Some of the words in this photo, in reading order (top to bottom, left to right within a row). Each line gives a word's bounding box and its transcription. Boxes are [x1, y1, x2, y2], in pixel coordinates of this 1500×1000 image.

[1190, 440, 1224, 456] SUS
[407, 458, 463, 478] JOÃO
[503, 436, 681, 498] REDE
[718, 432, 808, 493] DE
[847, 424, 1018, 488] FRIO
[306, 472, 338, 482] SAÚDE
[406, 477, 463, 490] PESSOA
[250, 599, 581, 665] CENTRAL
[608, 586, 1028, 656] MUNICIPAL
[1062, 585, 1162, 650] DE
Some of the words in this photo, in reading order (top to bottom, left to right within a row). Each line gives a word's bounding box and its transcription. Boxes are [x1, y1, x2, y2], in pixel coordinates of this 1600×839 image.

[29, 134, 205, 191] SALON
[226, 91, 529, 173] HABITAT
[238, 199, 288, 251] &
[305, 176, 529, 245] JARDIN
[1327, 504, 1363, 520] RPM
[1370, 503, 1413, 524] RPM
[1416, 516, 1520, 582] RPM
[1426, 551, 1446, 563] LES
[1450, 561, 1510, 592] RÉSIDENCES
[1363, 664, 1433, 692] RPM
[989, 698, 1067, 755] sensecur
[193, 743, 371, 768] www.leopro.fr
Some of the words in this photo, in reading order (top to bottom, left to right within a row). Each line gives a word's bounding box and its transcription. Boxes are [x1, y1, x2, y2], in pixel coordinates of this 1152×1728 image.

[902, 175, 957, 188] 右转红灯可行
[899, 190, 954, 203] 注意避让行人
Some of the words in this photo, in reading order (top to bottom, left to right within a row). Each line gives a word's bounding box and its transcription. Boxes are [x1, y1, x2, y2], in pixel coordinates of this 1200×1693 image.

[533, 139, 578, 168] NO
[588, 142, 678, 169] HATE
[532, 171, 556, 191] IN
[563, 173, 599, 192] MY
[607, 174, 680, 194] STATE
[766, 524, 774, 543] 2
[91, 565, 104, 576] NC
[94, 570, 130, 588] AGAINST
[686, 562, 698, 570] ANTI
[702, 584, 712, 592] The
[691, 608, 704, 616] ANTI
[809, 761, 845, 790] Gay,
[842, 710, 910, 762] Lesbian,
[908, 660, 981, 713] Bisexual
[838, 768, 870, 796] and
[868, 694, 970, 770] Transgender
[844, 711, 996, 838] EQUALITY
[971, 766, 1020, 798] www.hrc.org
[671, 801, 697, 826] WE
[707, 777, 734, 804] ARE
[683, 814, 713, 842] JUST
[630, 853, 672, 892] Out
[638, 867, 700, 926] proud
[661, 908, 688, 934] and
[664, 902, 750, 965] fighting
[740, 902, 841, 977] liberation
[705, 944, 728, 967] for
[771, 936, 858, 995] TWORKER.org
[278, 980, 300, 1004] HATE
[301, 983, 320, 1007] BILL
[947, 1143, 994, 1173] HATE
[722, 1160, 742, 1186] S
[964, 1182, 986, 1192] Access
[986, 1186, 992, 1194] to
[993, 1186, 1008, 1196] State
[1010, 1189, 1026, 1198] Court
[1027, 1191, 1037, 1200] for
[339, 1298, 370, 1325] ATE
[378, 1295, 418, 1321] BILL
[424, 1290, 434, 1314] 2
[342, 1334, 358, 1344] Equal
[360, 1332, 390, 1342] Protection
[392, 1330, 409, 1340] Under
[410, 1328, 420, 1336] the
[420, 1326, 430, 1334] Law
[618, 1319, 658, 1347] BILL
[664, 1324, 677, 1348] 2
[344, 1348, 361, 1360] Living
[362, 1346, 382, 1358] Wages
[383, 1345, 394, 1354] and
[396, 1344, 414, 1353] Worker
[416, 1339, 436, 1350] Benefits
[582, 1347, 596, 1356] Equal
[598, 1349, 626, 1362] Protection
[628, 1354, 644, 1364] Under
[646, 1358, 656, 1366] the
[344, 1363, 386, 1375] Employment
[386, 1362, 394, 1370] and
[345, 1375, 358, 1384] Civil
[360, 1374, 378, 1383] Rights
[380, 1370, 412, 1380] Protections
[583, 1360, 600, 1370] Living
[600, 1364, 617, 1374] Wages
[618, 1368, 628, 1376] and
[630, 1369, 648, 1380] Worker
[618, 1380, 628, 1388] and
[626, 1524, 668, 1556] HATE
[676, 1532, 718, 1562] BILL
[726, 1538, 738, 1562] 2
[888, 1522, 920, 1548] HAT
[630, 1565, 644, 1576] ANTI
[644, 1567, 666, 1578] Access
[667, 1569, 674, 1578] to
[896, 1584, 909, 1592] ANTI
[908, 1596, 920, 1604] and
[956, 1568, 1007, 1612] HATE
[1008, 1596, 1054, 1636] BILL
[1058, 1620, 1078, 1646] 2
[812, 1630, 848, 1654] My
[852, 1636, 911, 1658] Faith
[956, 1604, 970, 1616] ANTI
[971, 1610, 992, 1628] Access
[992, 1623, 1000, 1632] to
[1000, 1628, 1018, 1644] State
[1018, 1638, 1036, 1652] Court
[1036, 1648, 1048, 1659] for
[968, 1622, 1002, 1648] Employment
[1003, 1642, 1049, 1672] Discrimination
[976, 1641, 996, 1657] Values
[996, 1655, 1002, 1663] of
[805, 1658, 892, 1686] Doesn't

▸ Problem statement: Return the complete material exactly as it reads.

▸ Exercise answer:
Some of the words in this photo, in reading order (top to bottom, left to right within a row). Each line gives a word's bounding box and its transcription. Boxes are [x1, y1, x2, y2], in pixel coordinates of this 1500×1000 image.

[1190, 440, 1224, 456] SUS
[407, 458, 463, 478] JOÃO
[503, 436, 681, 498] REDE
[718, 432, 808, 493] DE
[847, 424, 1018, 488] FRIO
[306, 472, 338, 482] SAÚDE
[406, 477, 463, 490] PESSOA
[250, 599, 581, 665] CENTRAL
[608, 586, 1028, 656] MUNICIPAL
[1062, 585, 1162, 650] DE
Some of the words in this photo, in reading order (top to bottom, left to right within a row). Each line gives a word's bounding box and its transcription. Boxes are [x1, y1, x2, y2], in pixel coordinates of this 1600×839 image.

[29, 134, 205, 191] SALON
[226, 91, 529, 173] HABITAT
[238, 199, 288, 251] &
[305, 176, 529, 245] JARDIN
[1327, 504, 1363, 520] RPM
[1370, 503, 1413, 524] RPM
[1416, 516, 1520, 582] RPM
[1426, 551, 1446, 563] LES
[1450, 561, 1510, 592] RÉSIDENCES
[1363, 664, 1433, 692] RPM
[989, 698, 1067, 755] sensecur
[193, 743, 371, 768] www.leopro.fr
Some of the words in this photo, in reading order (top to bottom, left to right within a row). Each line gives a word's bounding box and its transcription. Boxes are [x1, y1, x2, y2], in pixel coordinates of this 1152×1728 image.

[902, 175, 957, 188] 右转红灯可行
[899, 190, 954, 203] 注意避让行人
Some of the words in this photo, in reading order (top to bottom, left to right within a row). Each line gives a word's bounding box and its transcription. Boxes are [x1, y1, x2, y2], in pixel coordinates of this 1200×1693 image.

[533, 139, 578, 168] NO
[588, 142, 678, 169] HATE
[532, 171, 556, 191] IN
[563, 173, 599, 192] MY
[607, 174, 680, 194] STATE
[766, 524, 774, 543] 2
[91, 565, 104, 576] NC
[94, 570, 130, 588] AGAINST
[686, 562, 698, 570] ANTI
[702, 584, 712, 592] The
[691, 608, 704, 616] ANTI
[809, 761, 845, 790] Gay,
[842, 710, 910, 762] Lesbian,
[908, 660, 981, 713] Bisexual
[838, 768, 870, 796] and
[868, 694, 970, 770] Transgender
[844, 711, 996, 838] EQUALITY
[971, 766, 1020, 798] www.hrc.org
[671, 801, 697, 826] WE
[707, 777, 734, 804] ARE
[683, 814, 713, 842] JUST
[630, 853, 672, 892] Out
[638, 867, 700, 926] proud
[661, 908, 688, 934] and
[664, 902, 750, 965] fighting
[740, 902, 841, 977] liberation
[705, 944, 728, 967] for
[771, 936, 858, 995] TWORKER.org
[278, 980, 300, 1004] HATE
[301, 983, 320, 1007] BILL
[947, 1143, 994, 1173] HATE
[722, 1160, 742, 1186] S
[964, 1182, 986, 1192] Access
[986, 1186, 992, 1194] to
[993, 1186, 1008, 1196] State
[1010, 1189, 1026, 1198] Court
[1027, 1191, 1037, 1200] for
[339, 1298, 370, 1325] ATE
[378, 1295, 418, 1321] BILL
[424, 1290, 434, 1314] 2
[342, 1334, 358, 1344] Equal
[360, 1332, 390, 1342] Protection
[392, 1330, 409, 1340] Under
[410, 1328, 420, 1336] the
[420, 1326, 430, 1334] Law
[618, 1319, 658, 1347] BILL
[664, 1324, 677, 1348] 2
[344, 1348, 361, 1360] Living
[362, 1346, 382, 1358] Wages
[383, 1345, 394, 1354] and
[396, 1344, 414, 1353] Worker
[416, 1339, 436, 1350] Benefits
[582, 1347, 596, 1356] Equal
[598, 1349, 626, 1362] Protection
[628, 1354, 644, 1364] Under
[646, 1358, 656, 1366] the
[344, 1363, 386, 1375] Employment
[386, 1362, 394, 1370] and
[345, 1375, 358, 1384] Civil
[360, 1374, 378, 1383] Rights
[380, 1370, 412, 1380] Protections
[583, 1360, 600, 1370] Living
[600, 1364, 617, 1374] Wages
[618, 1368, 628, 1376] and
[630, 1369, 648, 1380] Worker
[618, 1380, 628, 1388] and
[626, 1524, 668, 1556] HATE
[676, 1532, 718, 1562] BILL
[726, 1538, 738, 1562] 2
[888, 1522, 920, 1548] HAT
[630, 1565, 644, 1576] ANTI
[644, 1567, 666, 1578] Access
[667, 1569, 674, 1578] to
[896, 1584, 909, 1592] ANTI
[908, 1596, 920, 1604] and
[956, 1568, 1007, 1612] HATE
[1008, 1596, 1054, 1636] BILL
[1058, 1620, 1078, 1646] 2
[812, 1630, 848, 1654] My
[852, 1636, 911, 1658] Faith
[956, 1604, 970, 1616] ANTI
[971, 1610, 992, 1628] Access
[992, 1623, 1000, 1632] to
[1000, 1628, 1018, 1644] State
[1018, 1638, 1036, 1652] Court
[1036, 1648, 1048, 1659] for
[968, 1622, 1002, 1648] Employment
[1003, 1642, 1049, 1672] Discrimination
[976, 1641, 996, 1657] Values
[996, 1655, 1002, 1663] of
[805, 1658, 892, 1686] Doesn't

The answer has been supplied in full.